Я заглянул в люк. Где-то вдалеке снова прозвучал крик. Фриц выругался.
— Ты пойдешь со мной, — сказал я.
— Не-не-не-не…
— Что — боишься?
— Я — боюсь? — Фриц вынул из глаза монокуляр. Судя по всему, этот прибор служил еще и затычкой, которая удерживала кровь под кожей, потому что лицо его моментально побелело прямо через загар. Глаза увлажнились. — Я — боюсь? То есть ты хочешь сказать — Фриц Вонг испугался какой-то вонючей пещеры?
— К сожалению, — подтвердил я.
— Знаешь что, оставь-ка свои сожаления при себе. Величайший в истории кинематографа режиссер студии «UFA» в них не нуждается.
Он вставил на место свой огнедышащий монокуляр.
— В общем, так, — продолжал он. — Сейчас я найду телефон и позвоню Крамли — и пусть он сам вытаскивает тебя из этой черной дыры. Трудный подросток, мать твою!
— Я тебе не подросток.
— А кто же ты? Ах, ну да, как же я забыл, — олимпийский чемпион по нырянию в бассейн без воды! Давай-давай, лезь туда, ломай себе шею, захлебывайся в дерьме!
— Скажи Крамли — пусть едет к водостоку и двигается мне навстречу со стороны моря. На полдороге встретимся. Если увидит Констанцию — пусть хватает. Если меня — тем более.
Фриц сощурил один глаз, как будто вторым собирался открыть по мне огонь прямо через монокуляр.
— Небольшой совет от обладателя премии «Оскар». Не желаешь?
— Что еще?
— Падай быстро. Упадешь — не останавливайся. Беги, тогда тебя не схватят — кто бы там ни прятался. Увидишь ее — скажи, пусть бежит следом. Всосал?
— Всосал!
— В общем — или сдохнешь, как собака, или… — Он осклабился. — Станешь крутым отморозком, который прошел сквозь ад…
— Встречаемся на берегу?
— Я там не буду!
— Будешь!
Фриц направился к выходу, где уже стоял Генри.

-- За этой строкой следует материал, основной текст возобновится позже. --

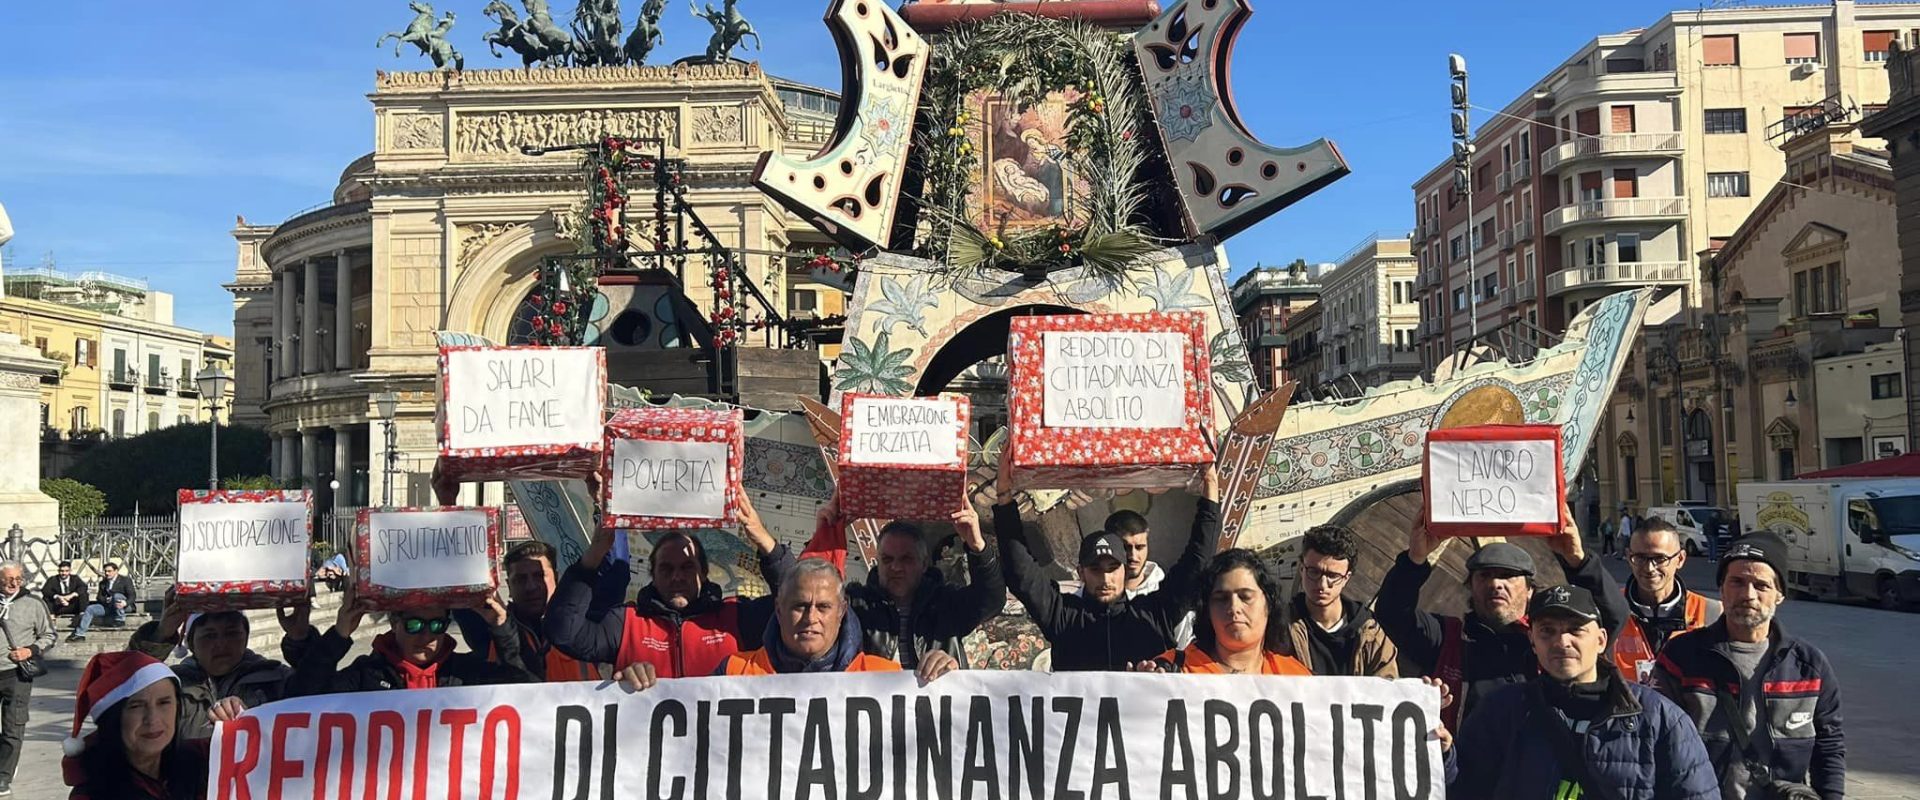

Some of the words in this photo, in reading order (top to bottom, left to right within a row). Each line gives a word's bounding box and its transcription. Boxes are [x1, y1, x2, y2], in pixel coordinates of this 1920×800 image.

[1059, 336, 1135, 358] REDDITO
[1146, 338, 1167, 359] DI
[486, 357, 556, 391] SALARI
[1050, 363, 1180, 391] CITTADINANZA
[463, 404, 494, 434] DA
[509, 399, 565, 430] FAME
[867, 404, 951, 427] EMIGRAZIONE
[1063, 396, 1143, 421] ABOLITO
[860, 429, 932, 453] FORZATA
[621, 457, 716, 492] POVERTÀ
[1457, 448, 1534, 482] LAVORO
[1451, 485, 1516, 517] NERO
[181, 518, 301, 553] DISOCCUPAZIONE
[377, 525, 487, 564] SFRUTTAMENTO
[215, 703, 522, 800] REDDITO
[551, 703, 618, 800] DI
[646, 694, 1130, 800] CITTADINANZA
[1159, 698, 1432, 800] ABOLITO

— Хочешь пойти с этим полудурком? — прорычал он.
— Нет.
— Что, темноты боишься?
— Да я сам чернее любой темноты! — сказал Генри.
И они ушли.
А я, изрыгая немецкие ругательства, стал спускаться вниз — туда, где меня ждало туманное будущее и остатки ночного дождя.
Глава 40
Сразу, без перехода, я очутился в Мехико 1945 года. Или в Риме 1950-го.
Катакомбы.
В темноте так всегда бывает — мерещится черт знает что. Мумии, которых вышвырнули из могил за то, что они не оплатили кладбищенскую ренту. Или груды костей и черепов, про которые с каждым шагом думаешь, что, вот, сейчас зацепишь ногой — и они с грохотом повалятся во все стороны…
Тьма.
Я зажат между двумя слоями вечности, в сумраке, пролегающем под Мехико и Ватиканом.
И здесь — только тьма.
В последний раз я оглянулся на лестницу, ведущую в безопасный мир, где я оставил слепого Генри и злобного Фрица. Но они уже ушли наверх, к свету. К фасаду Граумана с его давно и безнадежно протекающей крышей.